Not only do I admire the architectural character of the residential streets, but I'm constantly drawn to the stretch of Bloor between Bathurst and Spadina on account of the fact that it houses a couple of my go-to used bookstores (BMV and Seekers Books) not to mention my favourite cinema, Hot Docs.
Like other inner-city neighbourhoods, the Annex experienced decline after WWII. Jack Batten, in The Annex: The Story of a Toronto Neighbourhood, writes that the middle- and upper-middle class residents gradually began to move to more exclusive neighbourhoods, including Rosedale and Forest Hill.
Why the exodus?

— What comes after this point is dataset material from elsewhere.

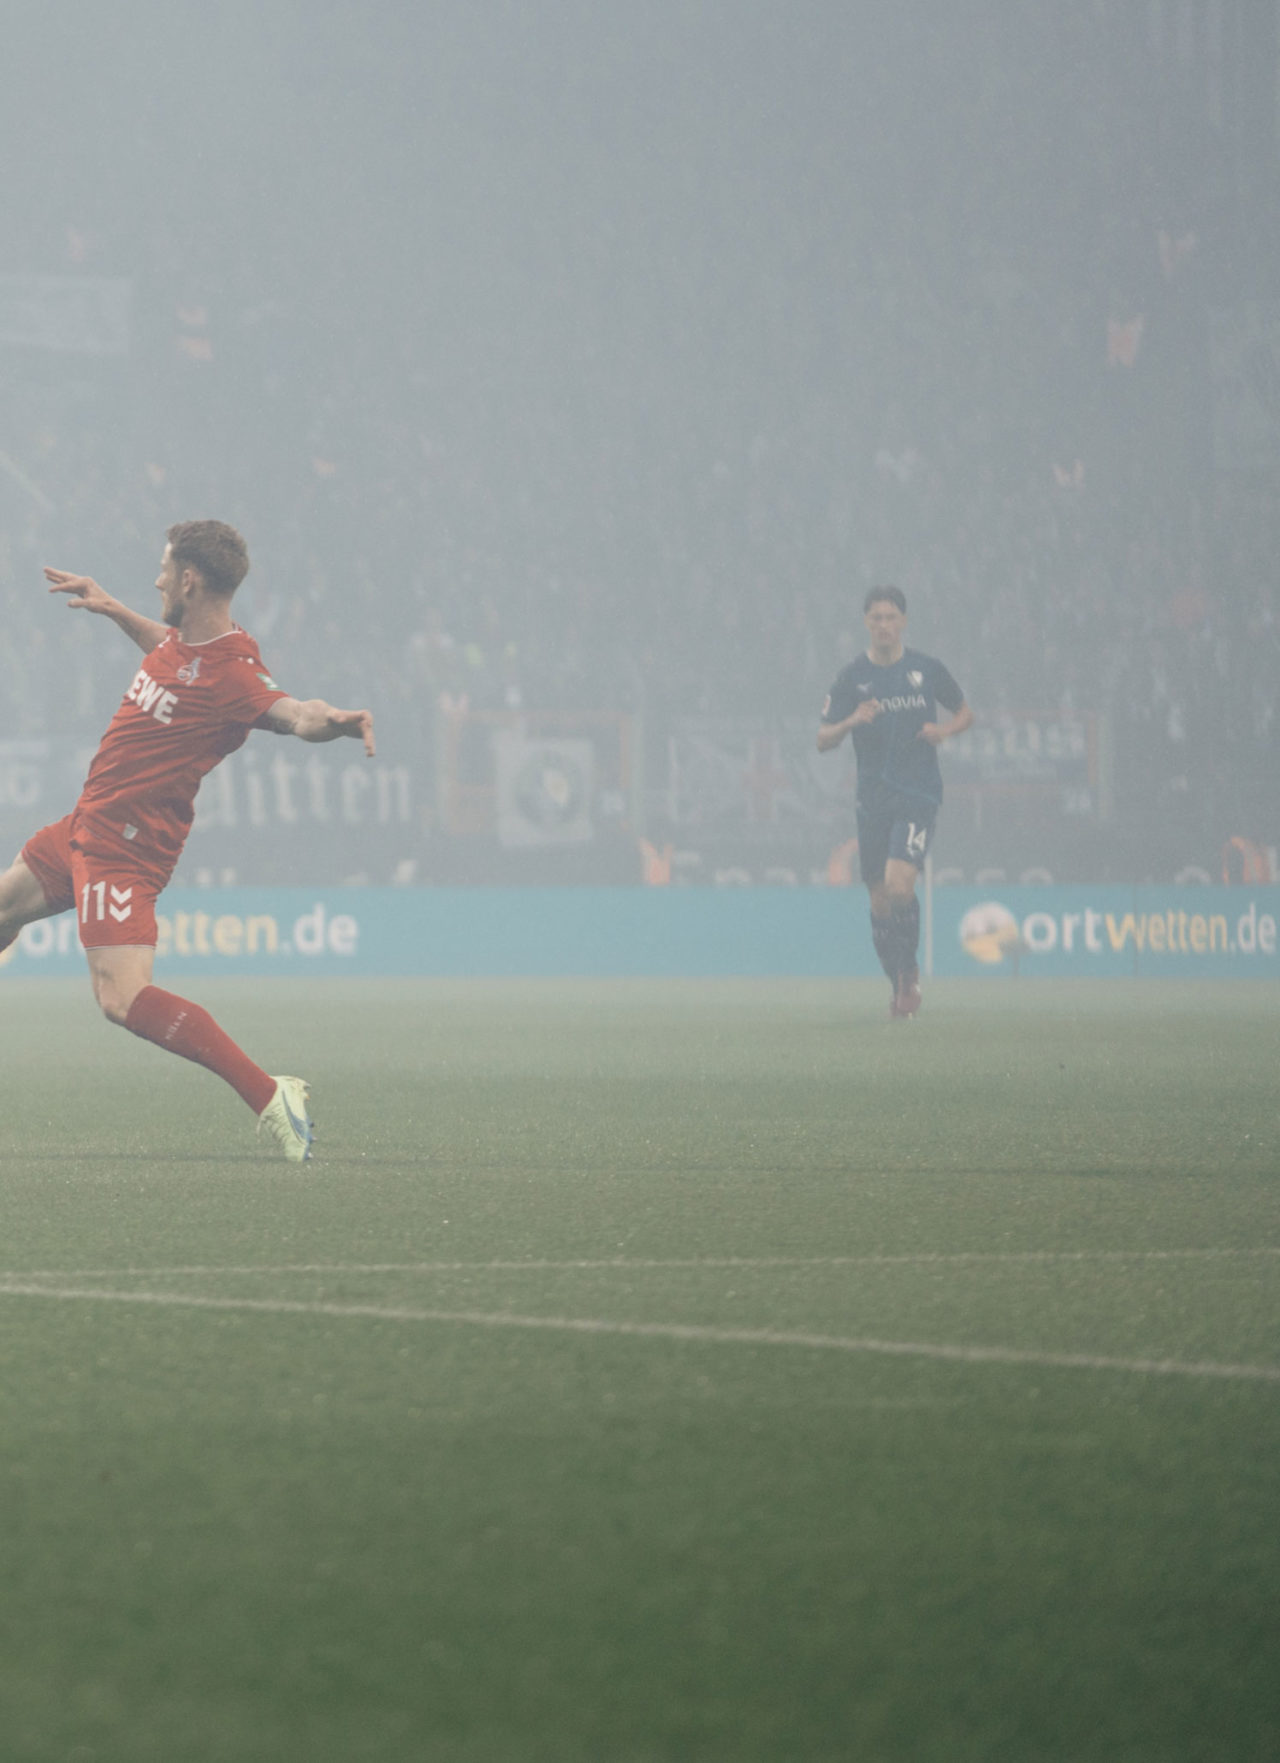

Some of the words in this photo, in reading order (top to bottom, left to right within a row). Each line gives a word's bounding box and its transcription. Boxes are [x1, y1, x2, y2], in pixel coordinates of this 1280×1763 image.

According to Batten, two factors contributed to this shift away from the area: fear and snobbery.
Many widows, who, following deaths of their husbands, were no longer able to afford their residences, began to rent rooms, eventually turning their homes into boarding houses.
Over time, this practice became more widespread and the older residents started to see this as the beginning of a social upheaval.

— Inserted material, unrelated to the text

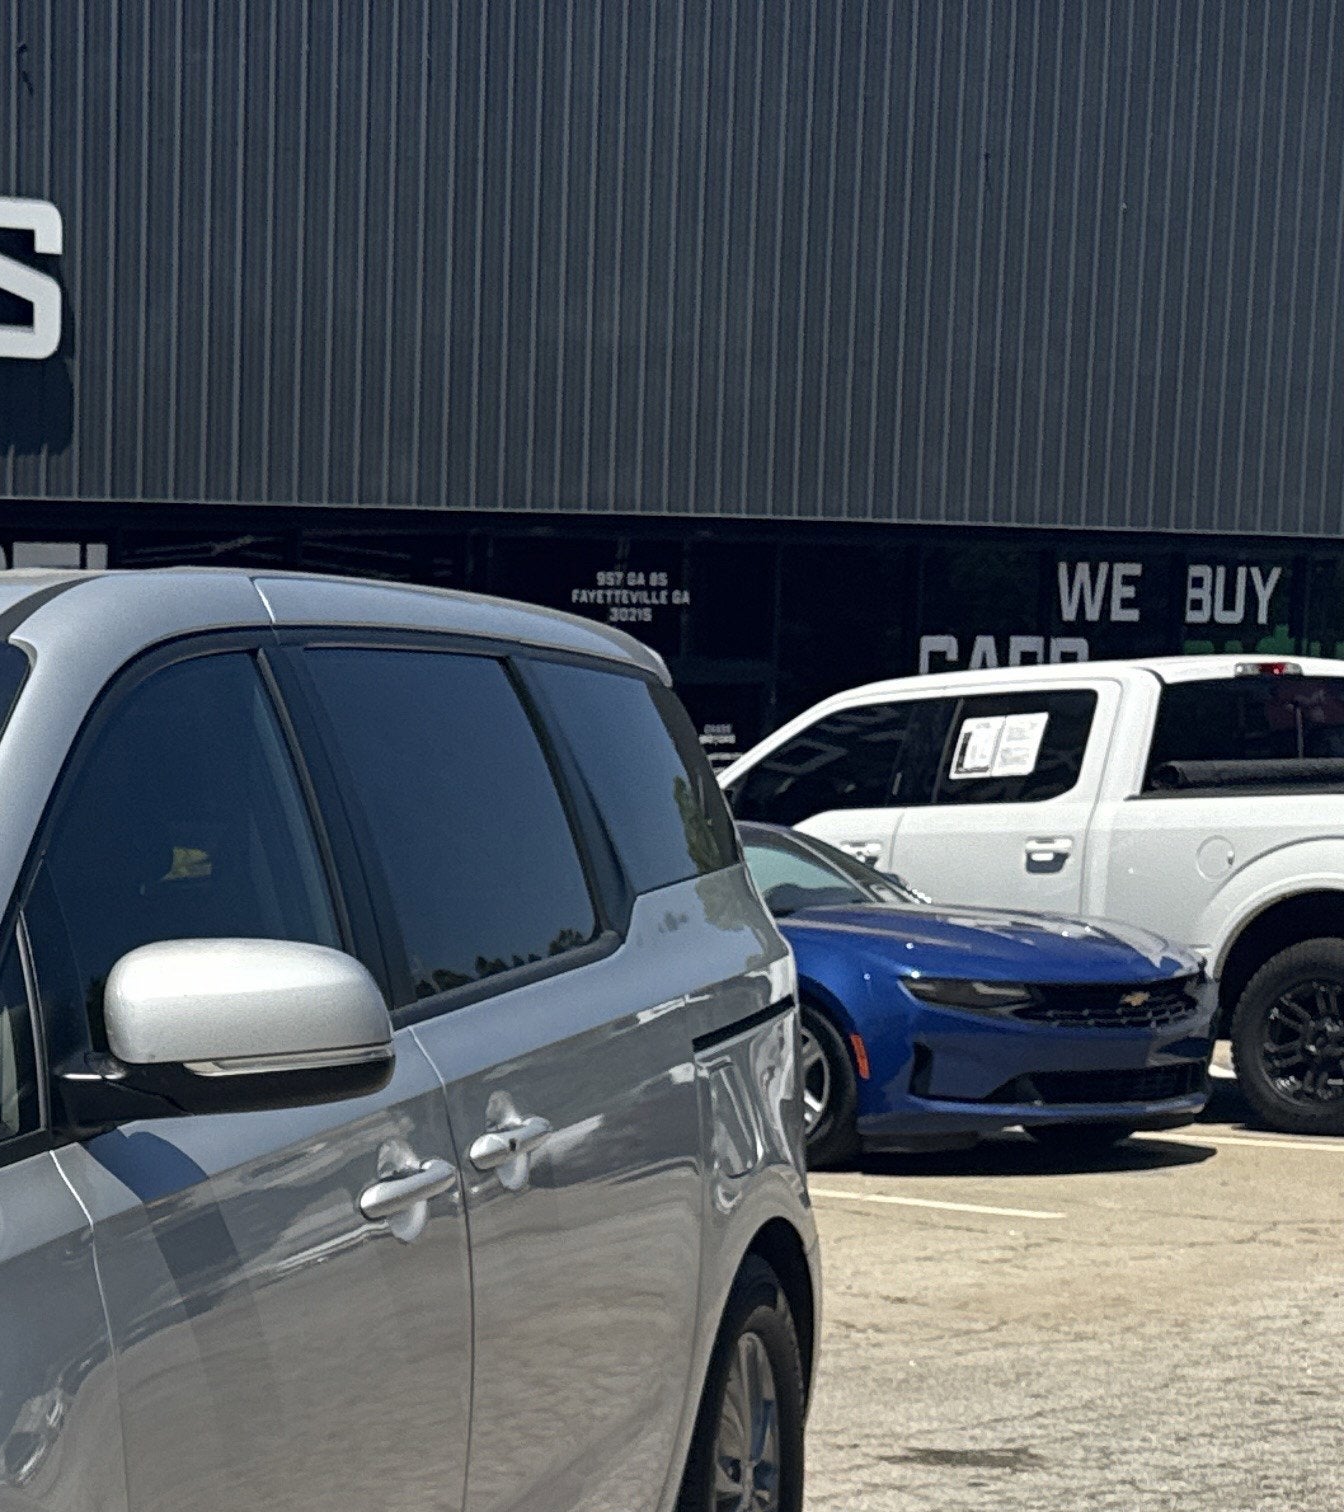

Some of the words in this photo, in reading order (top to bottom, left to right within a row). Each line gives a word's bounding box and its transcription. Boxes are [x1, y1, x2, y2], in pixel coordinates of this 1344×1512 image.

[571, 588, 669, 605] FAYETTEVILLE
[671, 589, 691, 605] GA
[1057, 561, 1143, 622] WE
[1184, 564, 1282, 625] BUY

Other older suburbs, such as the ones mentioned above, offered them more land on which bigger houses could be built, whereas in the Annex, lots are close to each other, offering limited opportunities for structural expansion.

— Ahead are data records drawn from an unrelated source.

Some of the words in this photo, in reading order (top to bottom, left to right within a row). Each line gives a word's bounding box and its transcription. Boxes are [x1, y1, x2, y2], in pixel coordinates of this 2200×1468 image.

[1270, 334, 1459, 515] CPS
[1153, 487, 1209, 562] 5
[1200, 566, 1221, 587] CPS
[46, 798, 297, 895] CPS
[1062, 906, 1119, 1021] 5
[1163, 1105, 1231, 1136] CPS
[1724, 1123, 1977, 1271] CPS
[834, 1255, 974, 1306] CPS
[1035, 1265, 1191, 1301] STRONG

The move of numerous fraternities to the residential core of the neighbourhood north of Bloor was also seen as a deteriorating factor.
University of Toronto expropriated some fraternal residences on St. George Street in order to construct Innis College and other academic buildings.
The fraternities posed a problem particularly to the residents of Madison Avenue, Lowther Avenue and the north section of St. George.
Trade in illegal drugs began in the 1960s in the Annex, and the residents of Howland Avenue jokingly referred to their street as "speed alley" at that time.
In the same decade, many of the residential houses became homes to small commercial enterprises, such as minor magazines and charities.
Fortunately, the decline of the Annex was short-lived. Starting in the late 1960s, when U of T professors and middle-class families began to buy and renovates the houses, that value of which had dropped following the war.
The older, established homeowners, who remained in the Annex, kept their houses in a good condition in spite of the gradual deterioration of the area, and the ratepayers association reorganized itself to lobby against developers.
Inevitably, however, the character of the neighbourhood started to change again. The north section of St. George Street and its vicinity are characterized by an interesting mix of E.J. Lennox's handsome Richardsonian Romanesque houses and Uno Prii's apartment buildings.
The stark differences between the two symbolize the change in the Annex as a neighbourhood of single-family residences and rooming houses to an area of a much higher density stemming from the postwar population boom.
In his own designs, he emphasized circles, loops, and curves. In 1957, he established his own architectural firm and soon his clients included apartment developers.
One of Prii's designs located in the Annex is the Prince Arthur Towers at 20 Prince Arthur Avenue, erected in 1968. It is twenty-two storeys and described as "massive, monumental, and shocking."
Here, Prii attempted to combine old and new, medieval and modern. The most striking are the sixteen flying buttresses, half of them in the front and the other half in the back, curving from the roof to the base.
The first few decades following the war contributed greatly not just to the architectural character of the neighbourhood today, but also its commercial and residential mix.